Por mandato del lucio...

Erase un pobre campesino que, por mucho que se afanaba y trabajaba, nunca salía de su miseria.
«Triste suerte la mía -decía para sus adentros. Me mato dia­riamente a trabajar y estoy medio muerto de hambre. En cambio mi vecino, que se pasa la vida tumbado, tiene una gran hacienda y el dinero se le viene a las manos. Quizá haya disgustado a Dios involuntariamente. Voy a pasarme día y noche rogándole para que tenga misericordia de mí.»
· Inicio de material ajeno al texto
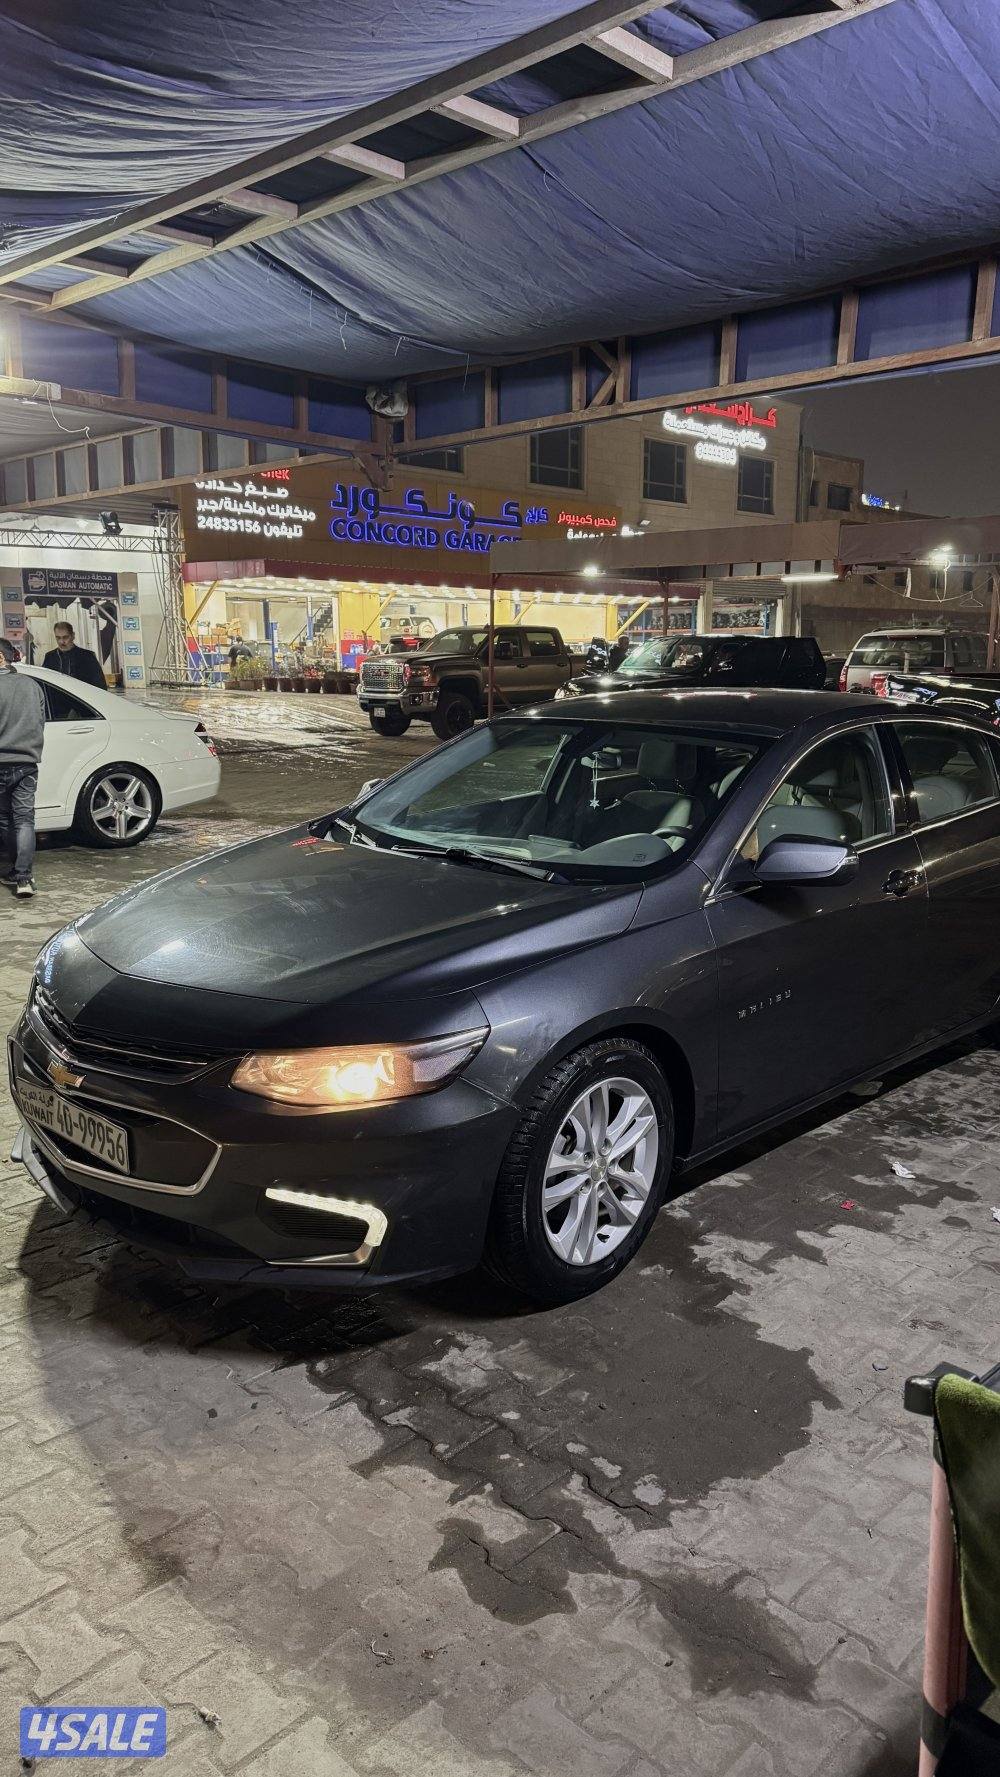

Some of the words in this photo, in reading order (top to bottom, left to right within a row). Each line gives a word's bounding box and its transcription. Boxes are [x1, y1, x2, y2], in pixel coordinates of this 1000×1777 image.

[244, 480, 289, 499] صبغ
[266, 503, 317, 522] ميكانيك
[331, 483, 522, 529] كونكورد
[197, 515, 261, 534] 24833156
[525, 507, 550, 525] كراج
[557, 511, 593, 526] كمبيوتر
[594, 516, 617, 527] فحص
[263, 521, 303, 539] تليفون
[330, 517, 440, 548] CONCORD
[49, 581, 77, 589] DASMAN
[79, 582, 113, 591] AUTOMATIC
[66, 573, 90, 581] دسمان
[22, 1098, 54, 1126] KUWAIT
[56, 1101, 125, 1167] 40-99956
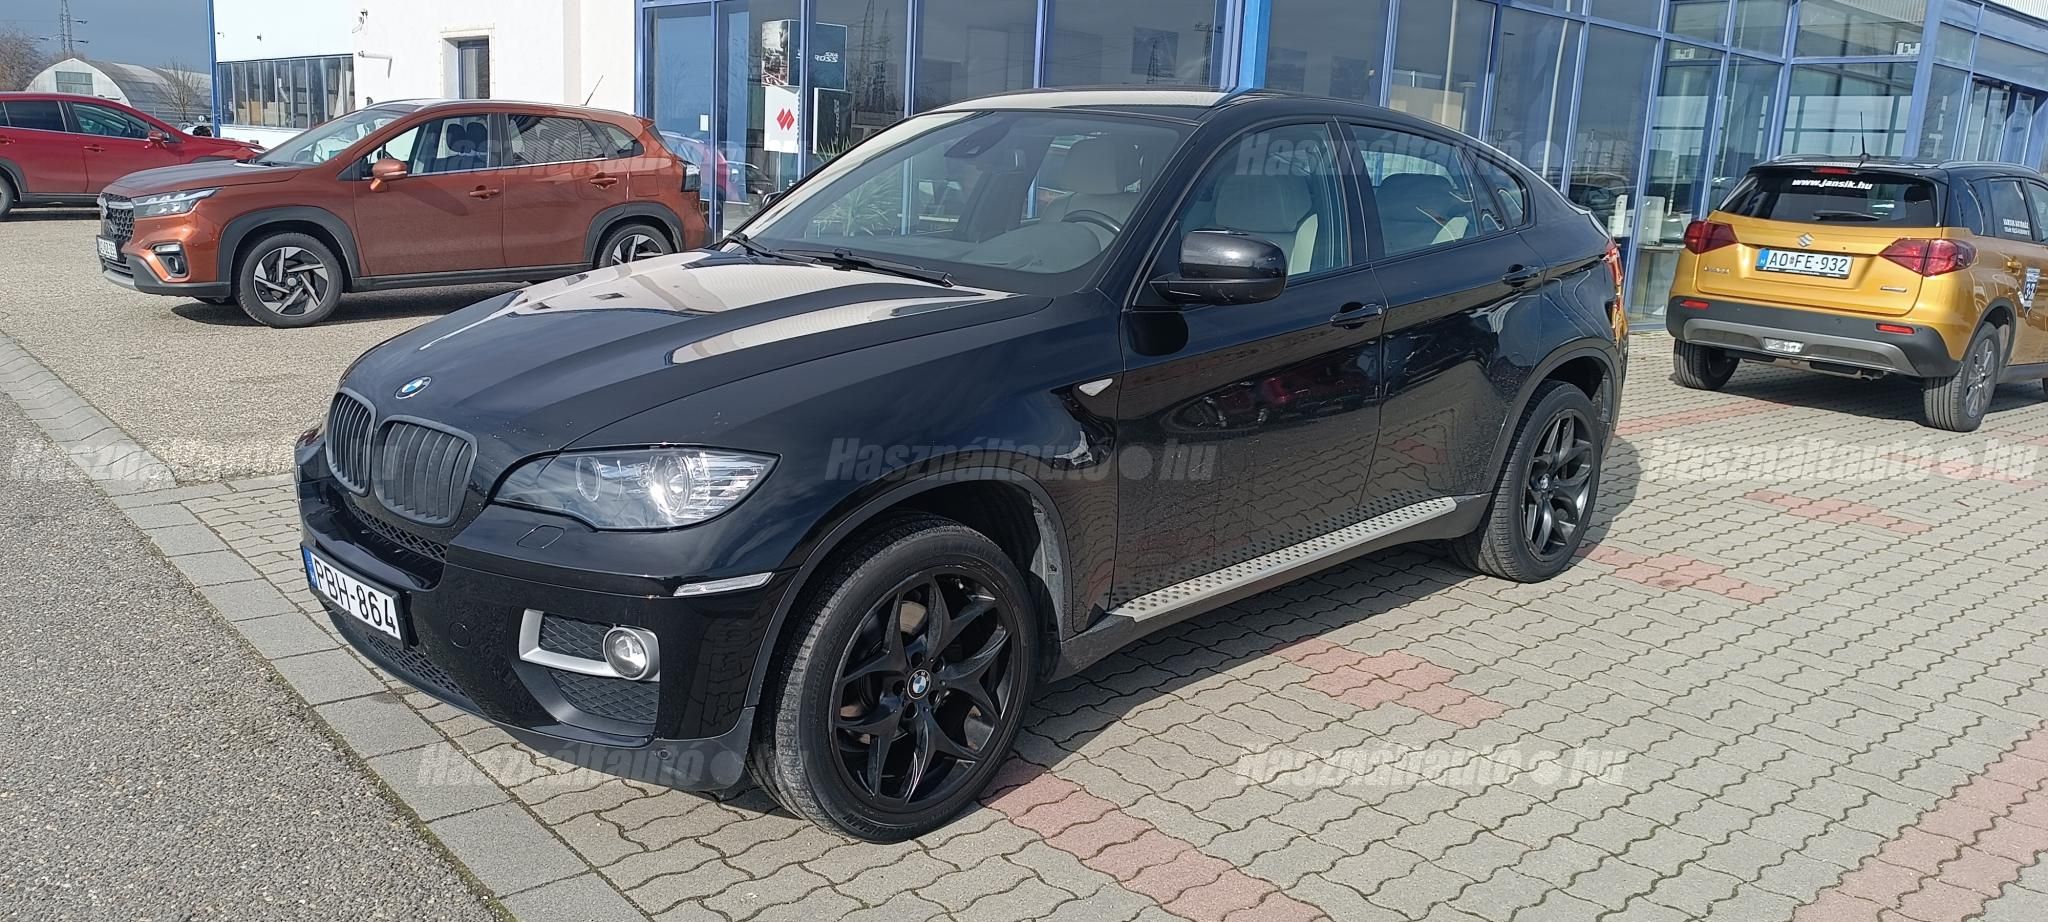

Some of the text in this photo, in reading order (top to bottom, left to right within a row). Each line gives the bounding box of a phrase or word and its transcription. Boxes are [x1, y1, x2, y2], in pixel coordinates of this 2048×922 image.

[1791, 178, 1873, 190] www.jansik.hu
[1769, 252, 1789, 267] AO
[313, 558, 396, 634] PBH-864
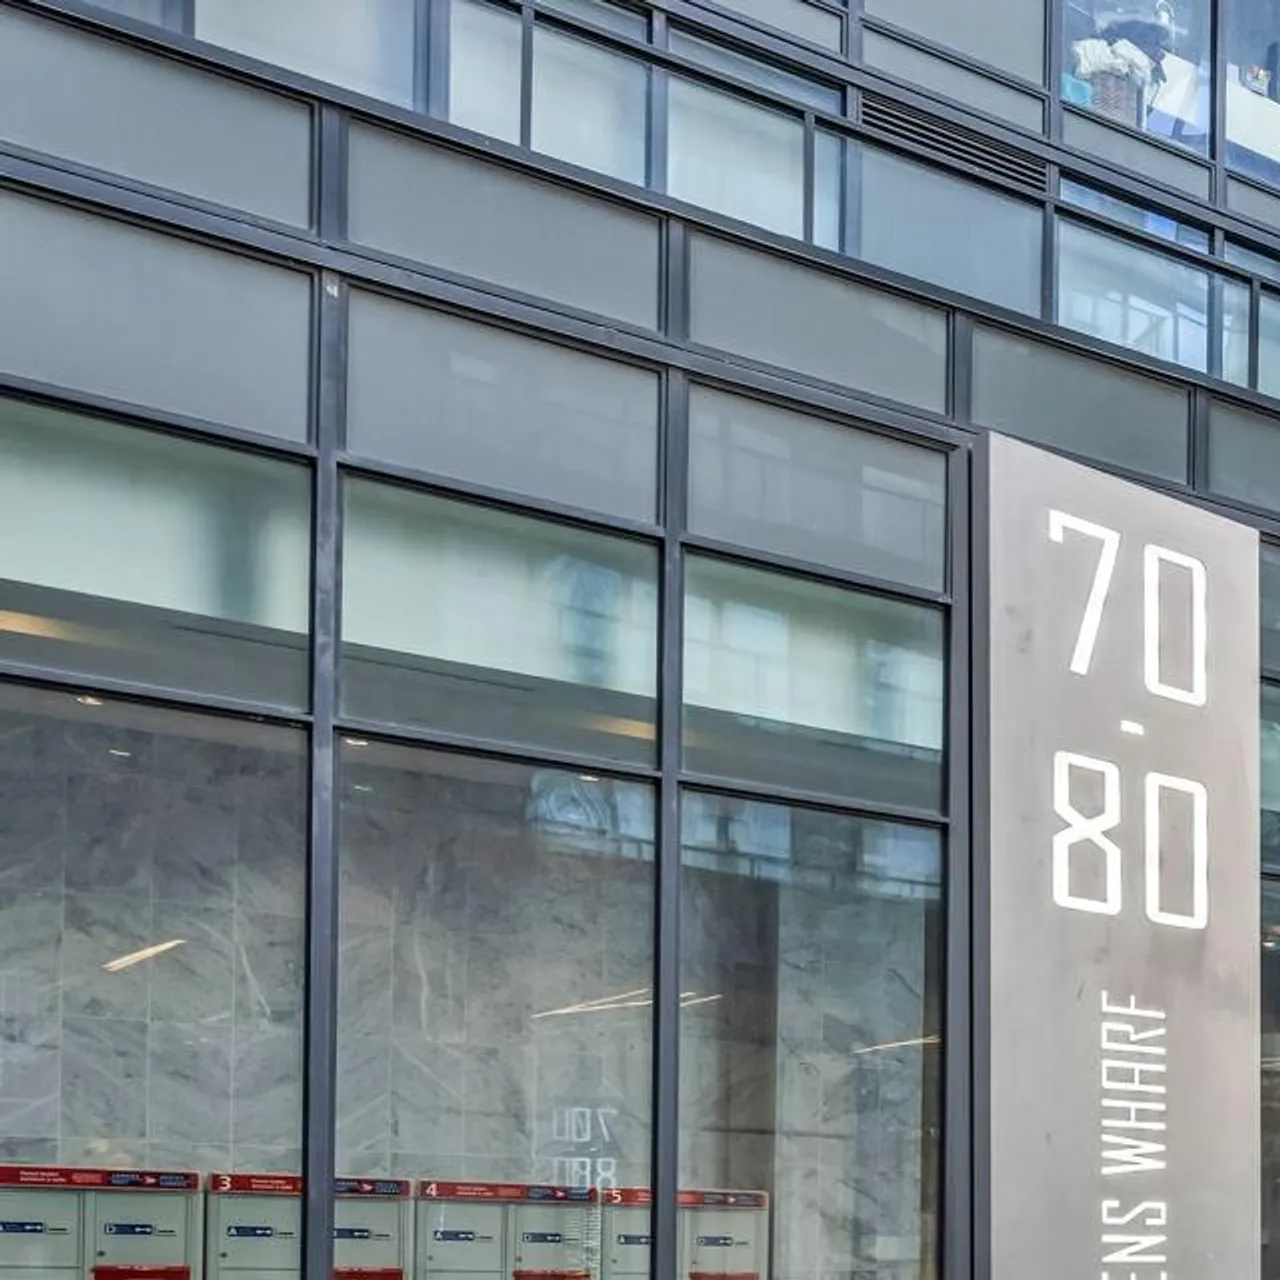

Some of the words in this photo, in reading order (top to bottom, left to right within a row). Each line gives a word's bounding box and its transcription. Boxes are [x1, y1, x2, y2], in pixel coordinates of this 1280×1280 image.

[1048, 509, 1207, 706] 70
[1052, 750, 1208, 930] 80
[1101, 990, 1167, 1176] WHARF
[218, 1176, 232, 1192] 3
[425, 1183, 437, 1197] 4
[611, 1189, 622, 1203] 5
Tal como lo pensó, así lo hizo. Se pasaba los días ayunando. entregado a la oración. Llegó el día de la fiesta mayor, tocaron a misa, y el pobre hombre se dijo:
-Toda la gente celebrará la fiesta con una buena mesa, y yo no tengo ni un bocado que llevarme a la boca. Iré a buscar agua y la tomaré haciéndome a la idea de que es sopa.
Agarró un cubo, fue al pozo y, nada más arrojar el cubo al agua. cayó en él un lucio grandísimo.
-¡Ya tengo con qué celebrar la fiesta! -exclamó el hombre muy contento.
Pero en esto le habló el lucio con palabra humana:
-Devuélveme la libertad, buen hombre, y yo haré tu suerte: verás realizados todos tus deseos. Te bastará decir: «Por mandato del lucio, por bendición divina, quiero tal y tal cosa», y aparecerá lo que hayas deseado.
El pobre campesino soltó al lucio en el pozo, volvió a su isba y dijo sentándose a la mesa:
-Por mandato del lucio, por bendición divina, que la mesa esté servida y la comida lista.
Al instante se cubrió la mesa de bebidas y manjares tan exqui­sitos como para brindárselos sin reparo a un zar. El campesino se santiguó.
-¡Alabado sea Dios! También puedo yo celebrar el final de la vigilia.
Fue a la iglesia a maitines, asistió al oficio de las doce, volvió a su casa, comió y bebió de cuanto había sobre la mesa, salió a la calle y tomó asiento en el banco que había junto al portón.
La zarevna andaba entonces por las calles, acompañada de sus ayas y sus doncellas, dando limosna a los pobres para santificar la fiesta del señor. Socorrió a todos, pero se olvidó de aquel cam­pesino.
Entonces él dijo para sus adentros:
-Por mandato del lucio, por bendición divina, que la zarevna quede preñada y tenga un hijo.
Por la fuerza de esas palabras, la zarevna quedó instantánea­mente preñada y, a los nueve meses, dio a luz un hijo. El padre la interrogó con gran indignación.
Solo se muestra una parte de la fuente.